Referring expression grounding data:
——————————

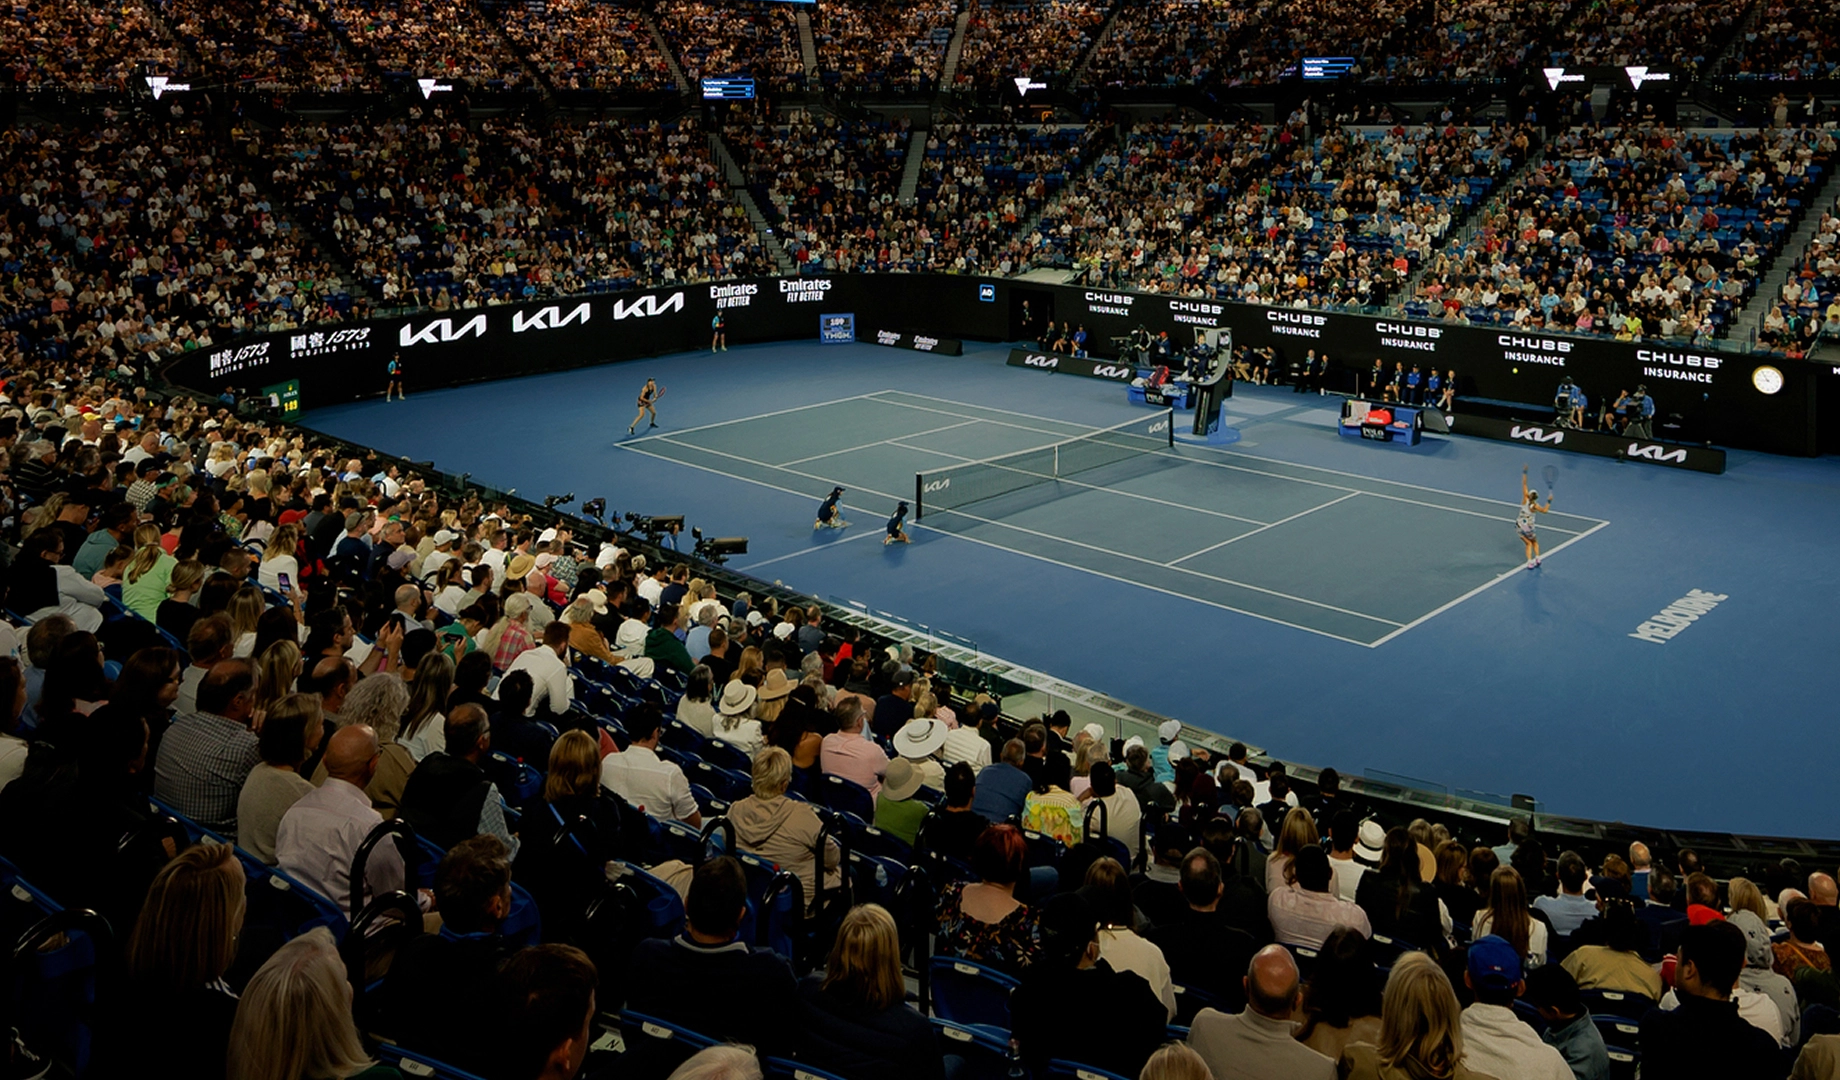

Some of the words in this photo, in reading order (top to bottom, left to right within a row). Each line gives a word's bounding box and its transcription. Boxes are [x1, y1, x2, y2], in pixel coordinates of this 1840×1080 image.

[710, 283, 758, 299] Emirates
[779, 279, 832, 293] Emirates
[717, 297, 727, 309] FLY
[727, 296, 750, 308] BETTER
[787, 292, 798, 303] FLY
[799, 290, 824, 302] BETTER
[1085, 292, 1132, 305] CHUBB
[613, 292, 684, 320] KIA
[1089, 304, 1129, 317] INSURANCE
[1170, 300, 1222, 314] CHUBB
[512, 302, 591, 333] KIA
[1174, 314, 1217, 327] INSURANCE
[1267, 311, 1326, 326] CHUBB
[399, 314, 486, 346] KIA
[1272, 325, 1320, 338] INSURANCE
[1376, 322, 1440, 339] CHUBB
[290, 346, 337, 358] GUOJIAO
[345, 341, 370, 351] 1573
[1381, 337, 1435, 351] INSURANCE
[1498, 335, 1572, 353] CHUBB
[1025, 354, 1058, 368] KIA
[1504, 351, 1565, 366] INSURANCE
[1637, 349, 1720, 369] CHUBB
[210, 363, 243, 378] GUOJIAO
[248, 357, 270, 368] 1573
[1093, 364, 1129, 379] KIA
[1644, 366, 1712, 383] INSURANCE
[1510, 424, 1564, 445] KIA
[1627, 442, 1687, 463] KIA
[1627, 588, 1729, 645] MELBOURNE

——————————

Assigned task: Any pictures above are to be left out. Retype the rest of the records exactly.

Written solution:
Some of the words in this photo, in reading order (top to bottom, left to right within a row). Each line gives a word's bounding box and its transcription. Boxes are [x1, y1, x2, y2], in pixel coordinates of this 1840×1080 image.

[710, 283, 758, 299] Emirates
[779, 279, 832, 293] Emirates
[717, 297, 727, 309] FLY
[727, 296, 750, 308] BETTER
[787, 292, 798, 303] FLY
[799, 290, 824, 302] BETTER
[1085, 292, 1132, 305] CHUBB
[613, 292, 684, 320] KIA
[1089, 304, 1129, 317] INSURANCE
[1170, 300, 1222, 314] CHUBB
[512, 302, 591, 333] KIA
[1174, 314, 1217, 327] INSURANCE
[1267, 311, 1326, 326] CHUBB
[399, 314, 486, 346] KIA
[1272, 325, 1320, 338] INSURANCE
[1376, 322, 1440, 339] CHUBB
[290, 346, 337, 358] GUOJIAO
[345, 341, 370, 351] 1573
[1381, 337, 1435, 351] INSURANCE
[1498, 335, 1572, 353] CHUBB
[1025, 354, 1058, 368] KIA
[1504, 351, 1565, 366] INSURANCE
[1637, 349, 1720, 369] CHUBB
[210, 363, 243, 378] GUOJIAO
[248, 357, 270, 368] 1573
[1093, 364, 1129, 379] KIA
[1644, 366, 1712, 383] INSURANCE
[1510, 424, 1564, 445] KIA
[1627, 442, 1687, 463] KIA
[1627, 588, 1729, 645] MELBOURNE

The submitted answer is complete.